*Saved data entries*.
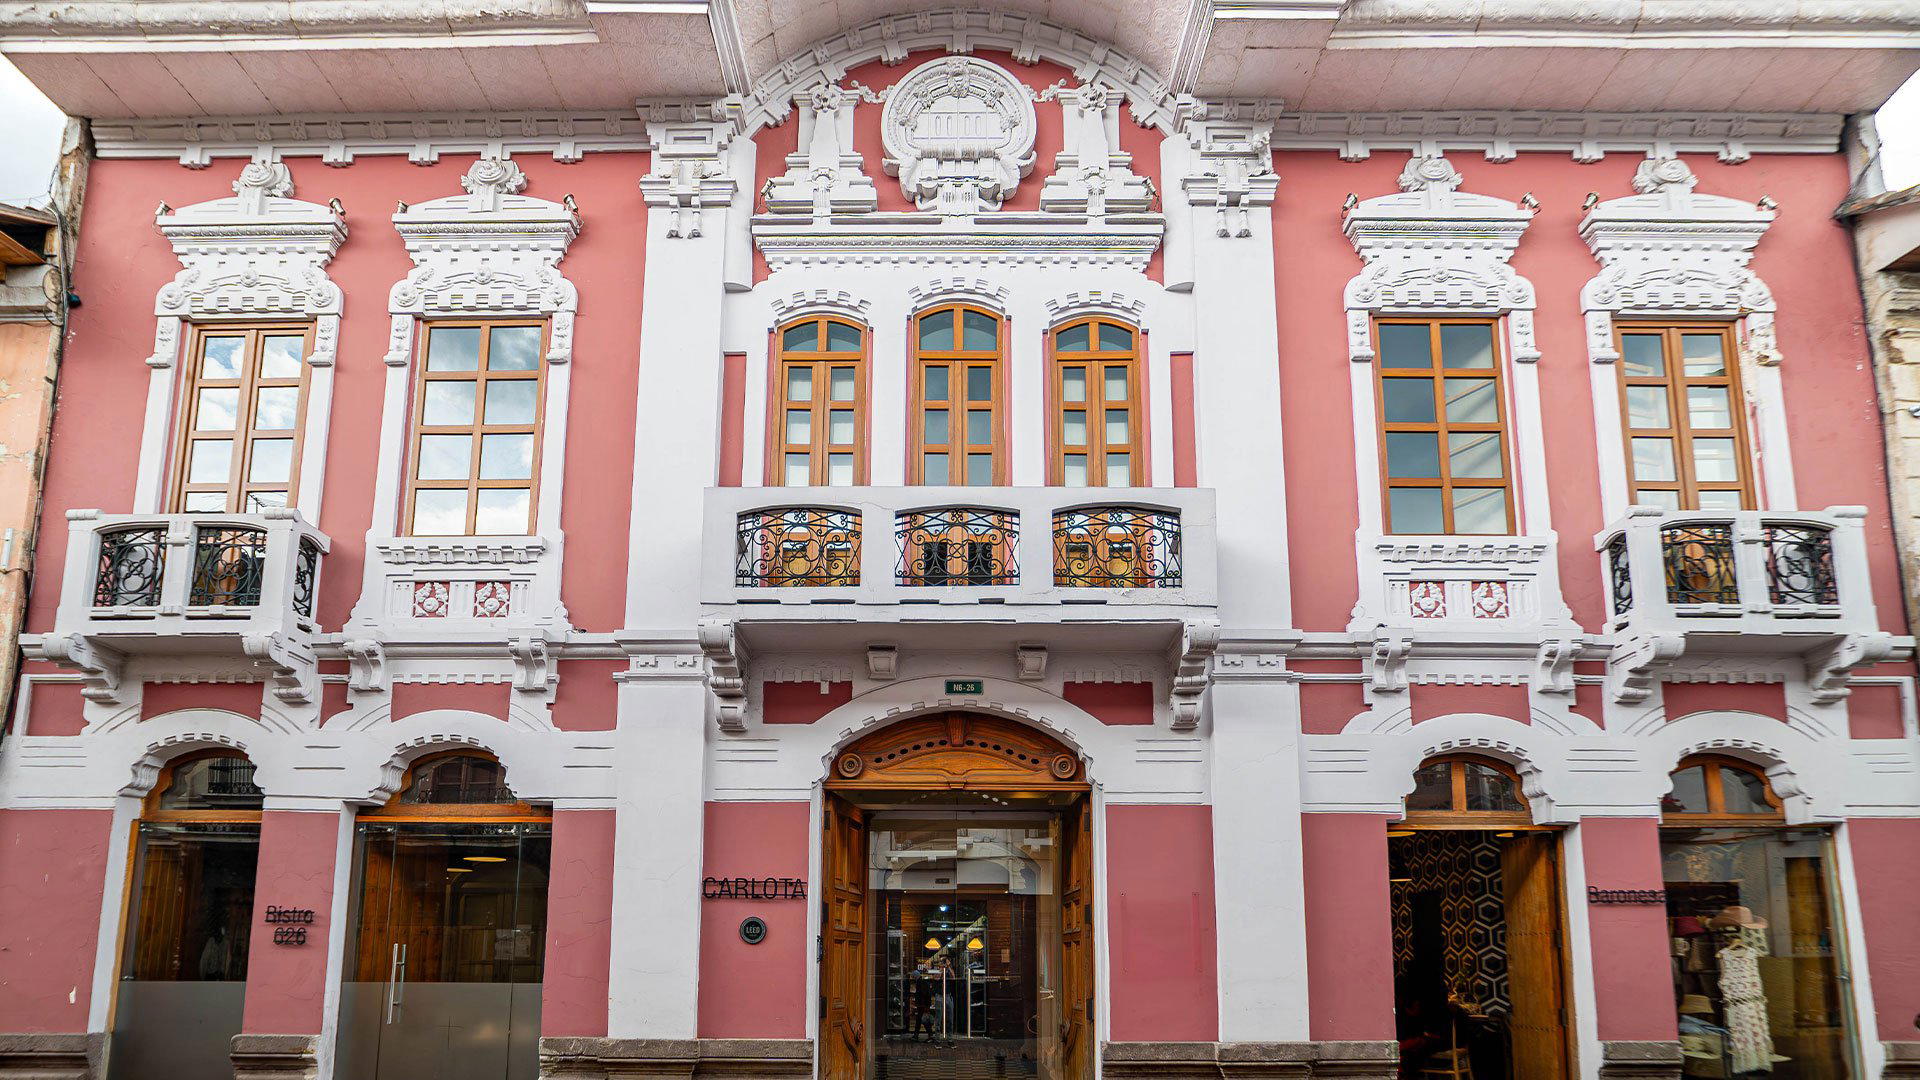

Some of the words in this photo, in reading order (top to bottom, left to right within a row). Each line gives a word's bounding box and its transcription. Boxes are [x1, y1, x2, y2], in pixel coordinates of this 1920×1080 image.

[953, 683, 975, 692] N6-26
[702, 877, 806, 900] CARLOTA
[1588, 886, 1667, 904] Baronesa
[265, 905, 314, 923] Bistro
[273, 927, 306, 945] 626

*TO DO*.
Drop the images, then copy the data exactly.

*RESULT FOR THIS EXERCISE*.
Some of the words in this photo, in reading order (top to bottom, left to right within a row). Each line gives a word's bounding box and its transcription. Boxes are [x1, y1, x2, y2], in pixel coordinates of this 1920×1080 image.

[953, 683, 975, 692] N6-26
[702, 877, 806, 900] CARLOTA
[1588, 886, 1667, 904] Baronesa
[265, 905, 314, 923] Bistro
[273, 927, 306, 945] 626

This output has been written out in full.